-- Exercise prompt --
Without the pictures, reproduce the entries below exactly.

Data entries
------
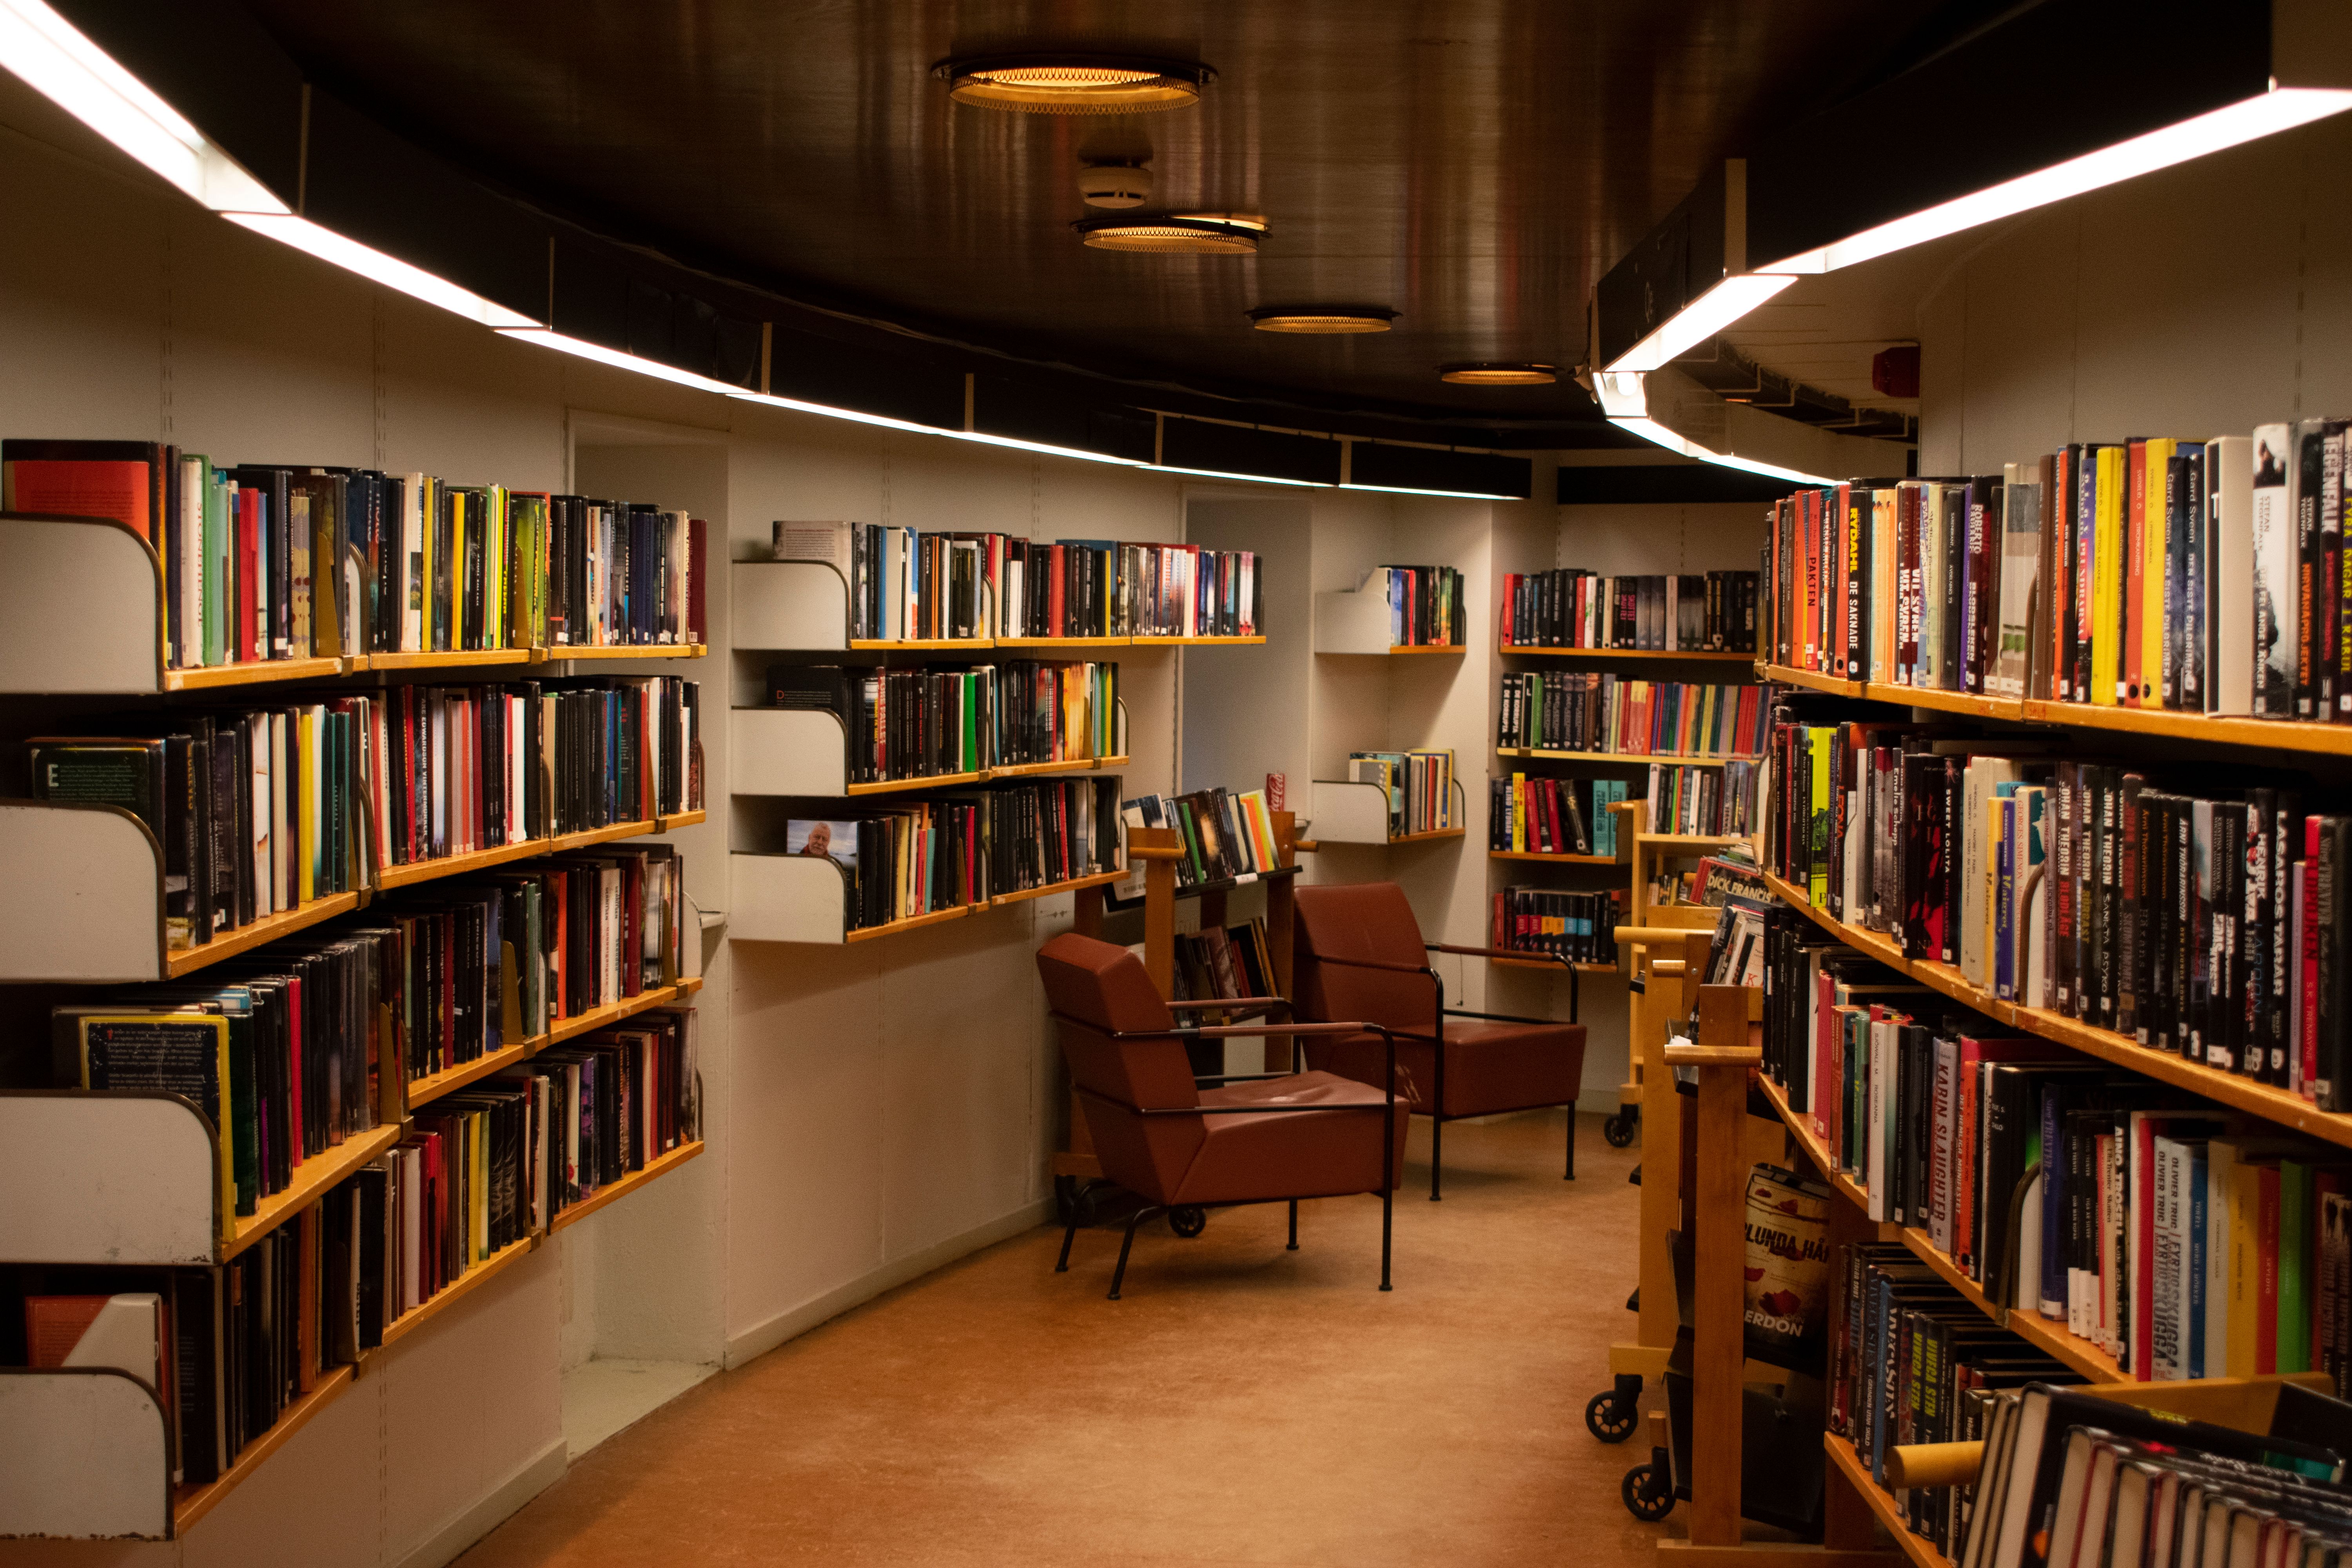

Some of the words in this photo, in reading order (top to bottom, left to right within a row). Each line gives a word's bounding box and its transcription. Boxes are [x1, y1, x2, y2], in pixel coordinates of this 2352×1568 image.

[2189, 472, 2198, 503] Gard
[2321, 433, 2343, 534] TEGENFALK
[1849, 508, 1858, 573] RYDAHL
[1975, 504, 1984, 554] ROBERTO
[2189, 506, 2197, 543] Sveen
[1808, 557, 1817, 607] PAKTEN
[1849, 581, 1857, 595] DE
[2078, 542, 2086, 635] PLUNDRARNA
[2164, 553, 2172, 577] DEN
[2342, 549, 2352, 599] DAGAR
[1911, 595, 1920, 642] SYREN
[2163, 580, 2172, 612] SISTE
[1849, 599, 1857, 649] SAKNADE
[2162, 615, 2171, 677] PILGRIMEN
[2185, 615, 2194, 680] PILGRIMEN
[2299, 563, 2312, 686] NIRVANAPROJEKTET
[2256, 642, 2268, 690] LÄNKEN
[2340, 624, 2351, 674] KABUL
[2060, 781, 2071, 820] JOHAN
[2082, 784, 2091, 824] JOHAN
[2103, 787, 2114, 827] JOHAN
[1892, 808, 1900, 846] Schepp
[2060, 826, 2070, 876] THEORIN
[2082, 831, 2091, 881] THEORIN
[2102, 833, 2113, 885] THEORIN
[2255, 833, 2269, 900] HENRIK
[2274, 811, 2288, 919] LASAROS
[1706, 875, 1730, 892] DICK
[1731, 880, 1772, 903] FRANCIS
[2002, 874, 2011, 929] Maigret
[2103, 893, 2111, 944] SANKTA
[2102, 951, 2110, 993] PSYKO
[2138, 978, 2147, 1005] tid
[1937, 1064, 1949, 1118] KARIN
[2114, 1126, 2124, 1167] AINO
[1934, 1124, 1947, 1221] SLAUGHTER
[2171, 1157, 2179, 1198] OLIVIER
[2114, 1172, 2123, 1235] TROSELL
[1744, 1306, 1804, 1335] ERDON
[1868, 1278, 1878, 1327] VIVECA
[2153, 1280, 2167, 1359] SKUGGA
[1867, 1331, 1876, 1368] STEN
[2167, 1290, 2180, 1368] SKUGGA
[1913, 1332, 1923, 1377] VIVECA
[1926, 1338, 1938, 1383] VIVECA
[1911, 1379, 1921, 1411] STEN
[1925, 1386, 1936, 1417] STEN
------
-- Written response --
Some of the words in this photo, in reading order (top to bottom, left to right within a row). Each line gives a word's bounding box and its transcription. Boxes are [x1, y1, x2, y2], in pixel coordinates of this 2352×1568 image.

[2189, 472, 2198, 503] Gard
[2321, 433, 2343, 534] TEGENFALK
[1849, 508, 1858, 573] RYDAHL
[1975, 504, 1984, 554] ROBERTO
[2189, 506, 2197, 543] Sveen
[1808, 557, 1817, 607] PAKTEN
[1849, 581, 1857, 595] DE
[2078, 542, 2086, 635] PLUNDRARNA
[2164, 553, 2172, 577] DEN
[2342, 549, 2352, 599] DAGAR
[1911, 595, 1920, 642] SYREN
[2163, 580, 2172, 612] SISTE
[1849, 599, 1857, 649] SAKNADE
[2162, 615, 2171, 677] PILGRIMEN
[2185, 615, 2194, 680] PILGRIMEN
[2299, 563, 2312, 686] NIRVANAPROJEKTET
[2256, 642, 2268, 690] LÄNKEN
[2340, 624, 2351, 674] KABUL
[2060, 781, 2071, 820] JOHAN
[2082, 784, 2091, 824] JOHAN
[2103, 787, 2114, 827] JOHAN
[1892, 808, 1900, 846] Schepp
[2060, 826, 2070, 876] THEORIN
[2082, 831, 2091, 881] THEORIN
[2102, 833, 2113, 885] THEORIN
[2255, 833, 2269, 900] HENRIK
[2274, 811, 2288, 919] LASAROS
[1706, 875, 1730, 892] DICK
[1731, 880, 1772, 903] FRANCIS
[2002, 874, 2011, 929] Maigret
[2103, 893, 2111, 944] SANKTA
[2102, 951, 2110, 993] PSYKO
[2138, 978, 2147, 1005] tid
[1937, 1064, 1949, 1118] KARIN
[2114, 1126, 2124, 1167] AINO
[1934, 1124, 1947, 1221] SLAUGHTER
[2171, 1157, 2179, 1198] OLIVIER
[2114, 1172, 2123, 1235] TROSELL
[1744, 1306, 1804, 1335] ERDON
[1868, 1278, 1878, 1327] VIVECA
[2153, 1280, 2167, 1359] SKUGGA
[1867, 1331, 1876, 1368] STEN
[2167, 1290, 2180, 1368] SKUGGA
[1913, 1332, 1923, 1377] VIVECA
[1926, 1338, 1938, 1383] VIVECA
[1911, 1379, 1921, 1411] STEN
[1925, 1386, 1936, 1417] STEN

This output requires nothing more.